For the pathogenesis of osteoarthritis (OA), the classical view is that chondrocyte apoptosis is associated with and may cause age-related joint degeneration. Recent observations indicate that Piezo1, a mechanical stress channel expressed in articular cartilage, plays a crucial role in this process. We wanted to investigate whether other conditions activate the expression of Piezo1 in chondrocytes. Therefore, we simulated OA to investigate whether Piezo1 gene expression and channel function were affected by the inflammatory factor,interleukin-1β, and the role of Piezo1 in the regulation of autophagy and apoptosis of chondrocytes. After the primary culture of human chondrocytes, the primary chondrocytes were treated with different concentrations of IL-1β. It was found that IL-1β upregulated the expression of Piezo1 in human chondrocytes. After Piezo1 activation, we analyzed the expression of autophagy and apoptosis of chondrocytes and investigated whether the downstream PI3K/AKT/mTOR pathway mediated the autophagy and apoptosis of chondrocytes. IL-1β activates Piezo1 to inhibit chondrocyte autophagy and promote chondrocyte apoptosis partially, represented by up-regulation of related proteins c-caspase 3, Bax expression, and down-regulation of Bcl2, LC3, p62 expression.
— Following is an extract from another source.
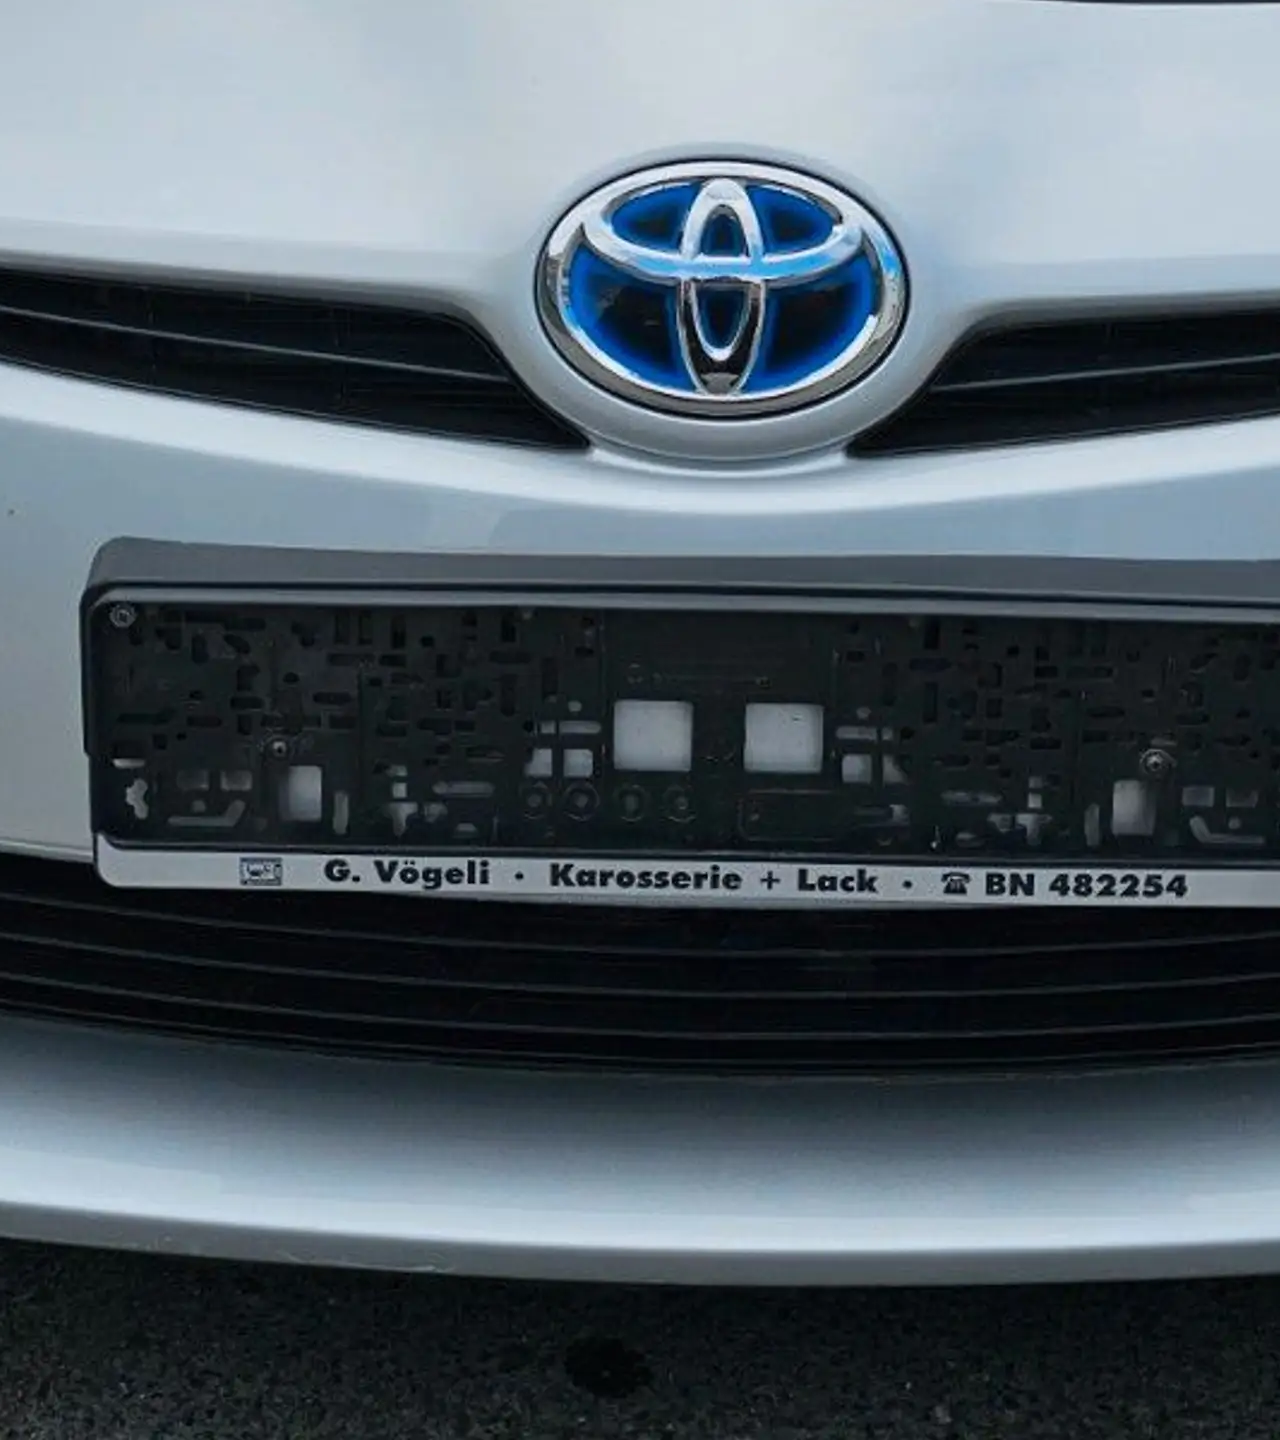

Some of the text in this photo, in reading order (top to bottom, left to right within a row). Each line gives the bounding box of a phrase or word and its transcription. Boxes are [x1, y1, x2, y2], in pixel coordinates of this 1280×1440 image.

Piezo1-siRNA inverted this step partially. Inhibition of the PI3K/AKT/mTOR pathway reduces Piezo1 inhibition of chondrocyte autophagy and activation of chondrocyte apoptosis. Therefore, IL-1β-mediated Piezo1 inhibition of chondrocyte autophagy and promotion of chondrocyte apoptosis partially through the PI3K/AKT/mTOR pathway is considered a novel pathogenesis of osteoarthritis.